Truist Championship: Rory McIlroy prepares to get back into his groove in Philadelphia
The master is ready to rediscover his kind of normal. 'I'm just glad that it's done. I don't want to ever have to go back to that Sunday afternoon again. I'm glad that I finished the way I did, and we can all move on with our lives,' remarked Rory McIlroy in advance of his defence of the Truist Championship at Philadelphia Cricket Club, one of the PGA Tour's $20 million signature events.
McIlroy, who completed the career Grand Slam with that Masters win, has sought to move on again. Back to normal, as it were. And while that historic victory at Augusta provided a career highlight, so far, the Northern Irishman and world number two – who turned 36 last Sunday – has sought to get back into the groove, especially with next week's US PGA at Quail Hollow on the horizon.

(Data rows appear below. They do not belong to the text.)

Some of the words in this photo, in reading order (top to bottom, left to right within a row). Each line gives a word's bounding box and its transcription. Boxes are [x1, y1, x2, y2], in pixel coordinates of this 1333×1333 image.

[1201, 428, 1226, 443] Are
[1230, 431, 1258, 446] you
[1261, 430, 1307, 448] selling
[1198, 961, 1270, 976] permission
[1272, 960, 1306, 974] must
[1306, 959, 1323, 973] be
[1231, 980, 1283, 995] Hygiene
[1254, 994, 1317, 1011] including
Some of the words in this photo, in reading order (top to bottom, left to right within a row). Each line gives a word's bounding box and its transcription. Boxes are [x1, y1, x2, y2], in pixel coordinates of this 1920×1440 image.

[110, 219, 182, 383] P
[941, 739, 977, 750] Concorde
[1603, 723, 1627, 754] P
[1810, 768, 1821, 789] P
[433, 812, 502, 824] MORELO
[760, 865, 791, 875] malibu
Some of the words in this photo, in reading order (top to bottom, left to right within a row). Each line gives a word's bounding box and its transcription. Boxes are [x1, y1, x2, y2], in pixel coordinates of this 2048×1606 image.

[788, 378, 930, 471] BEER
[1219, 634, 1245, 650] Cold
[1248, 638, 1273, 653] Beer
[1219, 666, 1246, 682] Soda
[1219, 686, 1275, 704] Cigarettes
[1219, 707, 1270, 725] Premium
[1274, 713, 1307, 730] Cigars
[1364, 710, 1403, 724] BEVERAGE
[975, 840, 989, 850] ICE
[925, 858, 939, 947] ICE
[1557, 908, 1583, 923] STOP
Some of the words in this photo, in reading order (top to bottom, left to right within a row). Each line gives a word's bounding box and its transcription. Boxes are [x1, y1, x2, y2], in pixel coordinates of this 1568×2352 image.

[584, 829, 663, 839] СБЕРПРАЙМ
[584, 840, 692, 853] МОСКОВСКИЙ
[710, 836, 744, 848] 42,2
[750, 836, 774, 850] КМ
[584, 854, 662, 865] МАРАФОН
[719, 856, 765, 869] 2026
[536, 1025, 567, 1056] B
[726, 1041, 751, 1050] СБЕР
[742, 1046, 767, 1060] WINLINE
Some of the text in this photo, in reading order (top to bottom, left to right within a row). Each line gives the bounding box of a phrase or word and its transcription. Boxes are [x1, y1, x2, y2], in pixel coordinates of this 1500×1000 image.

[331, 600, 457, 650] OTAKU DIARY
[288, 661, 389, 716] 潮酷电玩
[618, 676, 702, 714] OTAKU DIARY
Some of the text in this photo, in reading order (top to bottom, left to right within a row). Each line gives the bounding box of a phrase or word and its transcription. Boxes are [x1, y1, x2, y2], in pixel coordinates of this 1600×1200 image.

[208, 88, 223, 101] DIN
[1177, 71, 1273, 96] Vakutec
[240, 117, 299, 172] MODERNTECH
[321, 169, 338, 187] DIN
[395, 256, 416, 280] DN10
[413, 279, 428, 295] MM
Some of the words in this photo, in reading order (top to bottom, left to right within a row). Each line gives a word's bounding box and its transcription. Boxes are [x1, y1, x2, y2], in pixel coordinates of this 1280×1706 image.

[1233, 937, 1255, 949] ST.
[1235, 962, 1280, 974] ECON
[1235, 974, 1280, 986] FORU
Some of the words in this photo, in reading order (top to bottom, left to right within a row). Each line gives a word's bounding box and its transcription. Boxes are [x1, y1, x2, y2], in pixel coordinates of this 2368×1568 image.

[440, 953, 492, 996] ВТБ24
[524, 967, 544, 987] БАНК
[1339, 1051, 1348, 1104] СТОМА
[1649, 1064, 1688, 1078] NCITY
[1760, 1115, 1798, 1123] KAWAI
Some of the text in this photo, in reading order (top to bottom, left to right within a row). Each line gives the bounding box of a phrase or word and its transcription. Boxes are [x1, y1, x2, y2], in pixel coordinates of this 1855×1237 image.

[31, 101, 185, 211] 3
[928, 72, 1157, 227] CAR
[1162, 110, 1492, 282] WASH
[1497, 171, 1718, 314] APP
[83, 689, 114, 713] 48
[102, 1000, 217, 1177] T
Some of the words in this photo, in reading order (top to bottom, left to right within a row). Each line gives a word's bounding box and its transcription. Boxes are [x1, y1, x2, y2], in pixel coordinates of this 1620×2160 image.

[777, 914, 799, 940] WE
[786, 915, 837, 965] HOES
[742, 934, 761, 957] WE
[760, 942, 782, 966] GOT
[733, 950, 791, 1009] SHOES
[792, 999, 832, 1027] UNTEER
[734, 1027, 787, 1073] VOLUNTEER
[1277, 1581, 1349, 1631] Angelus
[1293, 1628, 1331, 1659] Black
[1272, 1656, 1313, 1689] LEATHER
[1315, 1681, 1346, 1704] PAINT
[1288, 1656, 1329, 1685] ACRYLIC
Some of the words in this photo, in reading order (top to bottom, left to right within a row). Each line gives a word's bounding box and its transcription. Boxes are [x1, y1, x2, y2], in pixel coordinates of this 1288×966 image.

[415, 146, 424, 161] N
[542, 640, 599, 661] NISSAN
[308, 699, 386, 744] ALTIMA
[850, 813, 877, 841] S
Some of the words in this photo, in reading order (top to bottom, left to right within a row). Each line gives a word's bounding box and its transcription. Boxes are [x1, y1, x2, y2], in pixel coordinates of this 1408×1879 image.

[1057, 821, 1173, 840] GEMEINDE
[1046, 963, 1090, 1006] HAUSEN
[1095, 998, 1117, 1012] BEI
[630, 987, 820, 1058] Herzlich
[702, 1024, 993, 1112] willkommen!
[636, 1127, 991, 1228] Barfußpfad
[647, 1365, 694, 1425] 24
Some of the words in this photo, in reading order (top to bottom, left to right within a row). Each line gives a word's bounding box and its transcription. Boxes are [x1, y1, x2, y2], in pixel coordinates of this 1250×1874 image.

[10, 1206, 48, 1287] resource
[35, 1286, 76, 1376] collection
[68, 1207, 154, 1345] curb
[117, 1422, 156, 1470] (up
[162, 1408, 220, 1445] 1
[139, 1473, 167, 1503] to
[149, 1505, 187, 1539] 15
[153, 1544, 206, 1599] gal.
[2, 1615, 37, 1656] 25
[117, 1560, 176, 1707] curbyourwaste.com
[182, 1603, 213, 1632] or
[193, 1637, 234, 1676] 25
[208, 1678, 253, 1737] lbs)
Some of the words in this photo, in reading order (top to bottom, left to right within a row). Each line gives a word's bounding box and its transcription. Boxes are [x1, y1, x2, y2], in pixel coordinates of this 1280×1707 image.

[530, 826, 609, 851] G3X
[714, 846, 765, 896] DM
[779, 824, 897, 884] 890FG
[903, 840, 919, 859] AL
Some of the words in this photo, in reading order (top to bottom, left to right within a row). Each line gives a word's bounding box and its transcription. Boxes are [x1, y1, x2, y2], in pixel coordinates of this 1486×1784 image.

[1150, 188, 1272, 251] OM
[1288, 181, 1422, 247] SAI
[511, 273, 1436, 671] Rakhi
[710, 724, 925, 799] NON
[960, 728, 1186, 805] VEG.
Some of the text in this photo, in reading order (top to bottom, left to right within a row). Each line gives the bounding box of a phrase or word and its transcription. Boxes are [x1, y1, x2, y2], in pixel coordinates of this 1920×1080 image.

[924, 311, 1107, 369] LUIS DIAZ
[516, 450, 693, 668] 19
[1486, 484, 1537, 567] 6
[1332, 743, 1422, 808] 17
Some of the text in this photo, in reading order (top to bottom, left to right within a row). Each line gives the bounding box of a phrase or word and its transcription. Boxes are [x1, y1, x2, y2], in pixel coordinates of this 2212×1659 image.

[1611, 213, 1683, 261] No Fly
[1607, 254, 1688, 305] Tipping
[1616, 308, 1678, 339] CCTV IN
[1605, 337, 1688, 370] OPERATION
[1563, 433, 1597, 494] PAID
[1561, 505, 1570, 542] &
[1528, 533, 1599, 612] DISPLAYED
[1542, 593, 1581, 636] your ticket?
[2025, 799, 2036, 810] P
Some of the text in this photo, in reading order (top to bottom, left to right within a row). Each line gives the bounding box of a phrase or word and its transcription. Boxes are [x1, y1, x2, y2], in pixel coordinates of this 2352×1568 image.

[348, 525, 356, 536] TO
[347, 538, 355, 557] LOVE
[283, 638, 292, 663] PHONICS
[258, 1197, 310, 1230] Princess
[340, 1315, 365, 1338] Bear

Last week, McIlroy had his coach Michael Bannon fly over to Florida for a three-day practice from Monday to Wednesday before he flew to New York for television and business commitments. 'When I got back home [to Florida] and sort of got back more into my real routine Sunday, Monday, then coming up here [to Philadelphia], that period is behind me and I'm looking forward to the next few months.'
McIlroy, already a three-time winner on the PGA Tour this season (the Pebble Beach pro-am, the Players and the Masters) is defending the title he won at Quail Hollow last year but at a new tour stop on an old classic course designed by AW Tillinghast that was renovated just over a decade ago.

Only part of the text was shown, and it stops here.